[Annotated photo localization data]
══════════════════════════════
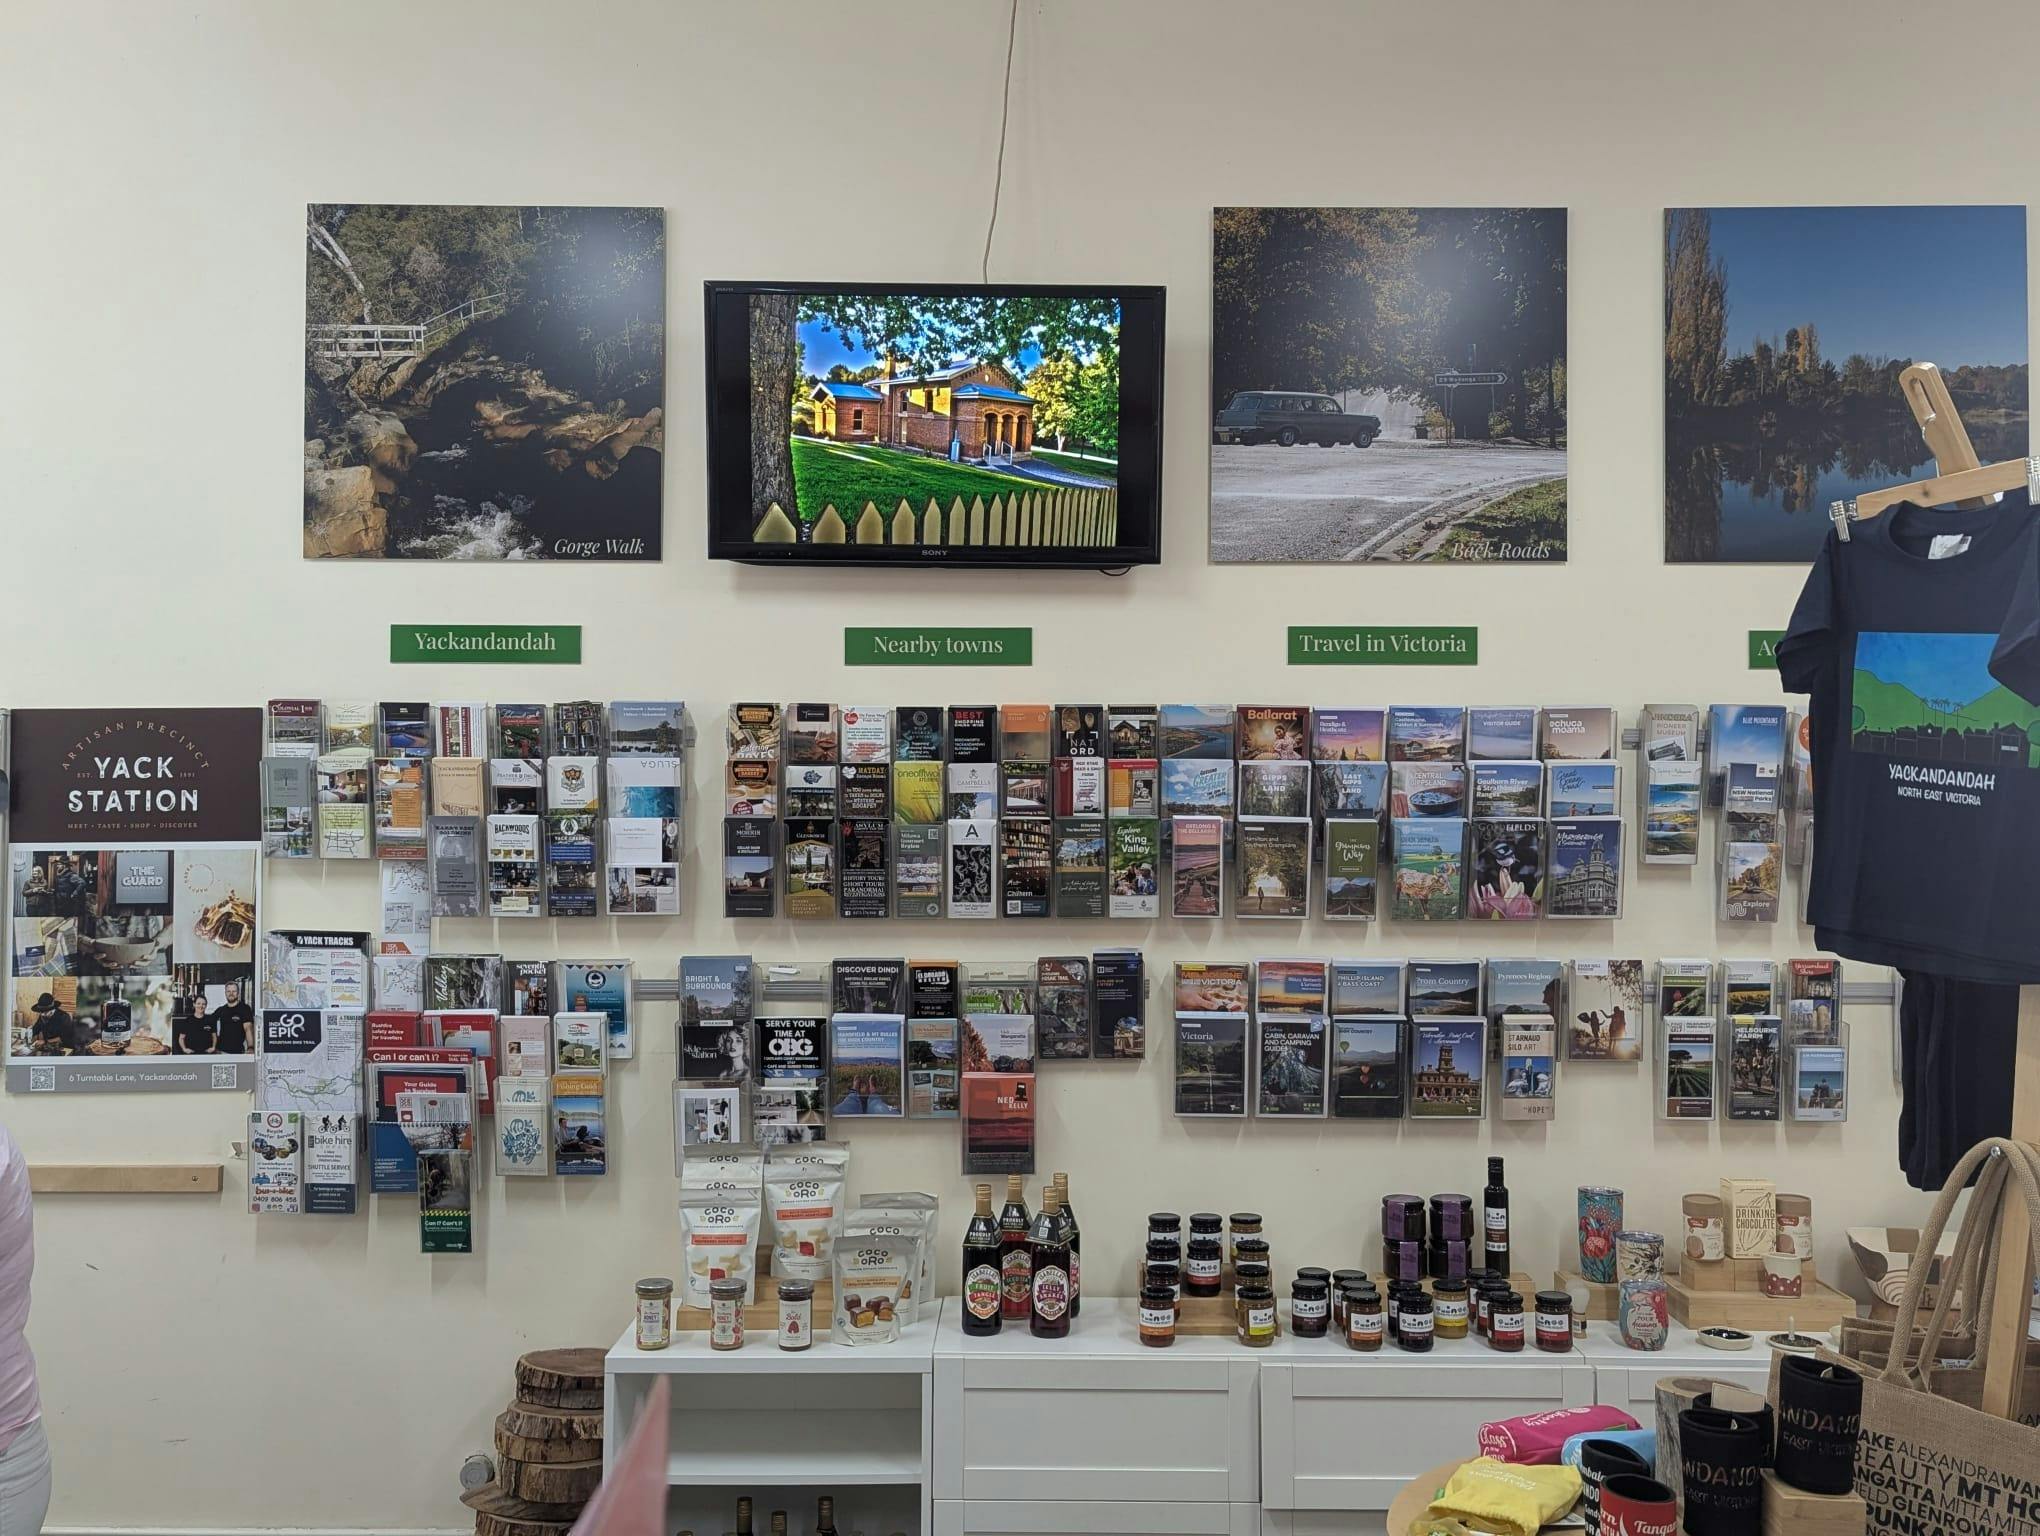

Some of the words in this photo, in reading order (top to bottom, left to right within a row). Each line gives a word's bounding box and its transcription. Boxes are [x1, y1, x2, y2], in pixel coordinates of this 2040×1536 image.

[555, 539, 600, 556] Gorge
[606, 539, 644, 554] Walk
[1452, 543, 1493, 558] Back
[1500, 543, 1551, 559] Roads
[415, 633, 556, 650] Yackandandah
[874, 636, 942, 656] Nearby
[947, 638, 1003, 653] towns
[1300, 635, 1360, 653] Travel
[1367, 635, 1384, 653] in
[1391, 635, 1466, 653] Victoria
[1248, 710, 1297, 720] Ballarat
[62, 722, 124, 770] ARTISAN
[136, 721, 209, 769] PRECINCT
[94, 756, 174, 779] YACK
[1889, 763, 1995, 791] YACKANDANDAH
[1477, 791, 1500, 799] Ranges
[1898, 786, 1922, 799] NORTH
[1924, 789, 1943, 802] EAST
[1946, 792, 1981, 806] VICTORIA
[68, 790, 198, 812] STATION
[495, 824, 529, 834] BACKWOODS
[966, 824, 979, 837] A
[1117, 826, 1141, 836] Explore
[1125, 835, 1147, 844] King
[1122, 845, 1150, 854] Valley
[1344, 851, 1364, 862] Way
[131, 867, 154, 875] THE
[122, 876, 163, 886] GUARD
[304, 936, 323, 946] YACK
[324, 937, 353, 946] TRACKS
[516, 961, 545, 970] seventh
[520, 968, 546, 976] pocket
[1416, 977, 1437, 985] Prom
[1438, 977, 1469, 986] Country
[1498, 973, 1527, 982] Pyrenees
[1528, 973, 1551, 981] Region
[280, 1014, 304, 1027] GO
[766, 1020, 790, 1028] SERVE
[792, 1020, 816, 1028] YOUR
[269, 1027, 301, 1037] EPIC
[1181, 1032, 1213, 1041] Victoria
[1508, 1043, 1522, 1051] SILO
[692, 1051, 717, 1059] station
[69, 1074, 73, 1082] 6
[76, 1073, 112, 1082] Turntable
[115, 1073, 137, 1083] Lane,
[139, 1073, 198, 1081] Yackandandah
[997, 1096, 1014, 1104] NED
[315, 1136, 333, 1145] bike
[335, 1136, 352, 1145] hire
[1736, 1208, 1776, 1218] DRINKING
[1736, 1219, 1776, 1230] CHOCOLATE
[1858, 1429, 1895, 1450] AKE
[1897, 1442, 2000, 1486] ALEXANDRA
[2001, 1473, 2040, 1500] WAN
[1855, 1445, 1952, 1490] BEAUTY
[1958, 1476, 2000, 1508] MT
[1940, 1493, 1991, 1525] MITTA
══════════════════════════════
Your task is to set down each line above verbatim while excluding the pictures.

Worked solution
Some of the words in this photo, in reading order (top to bottom, left to right within a row). Each line gives a word's bounding box and its transcription. Boxes are [x1, y1, x2, y2], in pixel coordinates of this 2040×1536 image.

[555, 539, 600, 556] Gorge
[606, 539, 644, 554] Walk
[1452, 543, 1493, 558] Back
[1500, 543, 1551, 559] Roads
[415, 633, 556, 650] Yackandandah
[874, 636, 942, 656] Nearby
[947, 638, 1003, 653] towns
[1300, 635, 1360, 653] Travel
[1367, 635, 1384, 653] in
[1391, 635, 1466, 653] Victoria
[1248, 710, 1297, 720] Ballarat
[62, 722, 124, 770] ARTISAN
[136, 721, 209, 769] PRECINCT
[94, 756, 174, 779] YACK
[1889, 763, 1995, 791] YACKANDANDAH
[1477, 791, 1500, 799] Ranges
[1898, 786, 1922, 799] NORTH
[1924, 789, 1943, 802] EAST
[1946, 792, 1981, 806] VICTORIA
[68, 790, 198, 812] STATION
[495, 824, 529, 834] BACKWOODS
[966, 824, 979, 837] A
[1117, 826, 1141, 836] Explore
[1125, 835, 1147, 844] King
[1122, 845, 1150, 854] Valley
[1344, 851, 1364, 862] Way
[131, 867, 154, 875] THE
[122, 876, 163, 886] GUARD
[304, 936, 323, 946] YACK
[324, 937, 353, 946] TRACKS
[516, 961, 545, 970] seventh
[520, 968, 546, 976] pocket
[1416, 977, 1437, 985] Prom
[1438, 977, 1469, 986] Country
[1498, 973, 1527, 982] Pyrenees
[1528, 973, 1551, 981] Region
[280, 1014, 304, 1027] GO
[766, 1020, 790, 1028] SERVE
[792, 1020, 816, 1028] YOUR
[269, 1027, 301, 1037] EPIC
[1181, 1032, 1213, 1041] Victoria
[1508, 1043, 1522, 1051] SILO
[692, 1051, 717, 1059] station
[69, 1074, 73, 1082] 6
[76, 1073, 112, 1082] Turntable
[115, 1073, 137, 1083] Lane,
[139, 1073, 198, 1081] Yackandandah
[997, 1096, 1014, 1104] NED
[315, 1136, 333, 1145] bike
[335, 1136, 352, 1145] hire
[1736, 1208, 1776, 1218] DRINKING
[1736, 1219, 1776, 1230] CHOCOLATE
[1858, 1429, 1895, 1450] AKE
[1897, 1442, 2000, 1486] ALEXANDRA
[2001, 1473, 2040, 1500] WAN
[1855, 1445, 1952, 1490] BEAUTY
[1958, 1476, 2000, 1508] MT
[1940, 1493, 1991, 1525] MITTA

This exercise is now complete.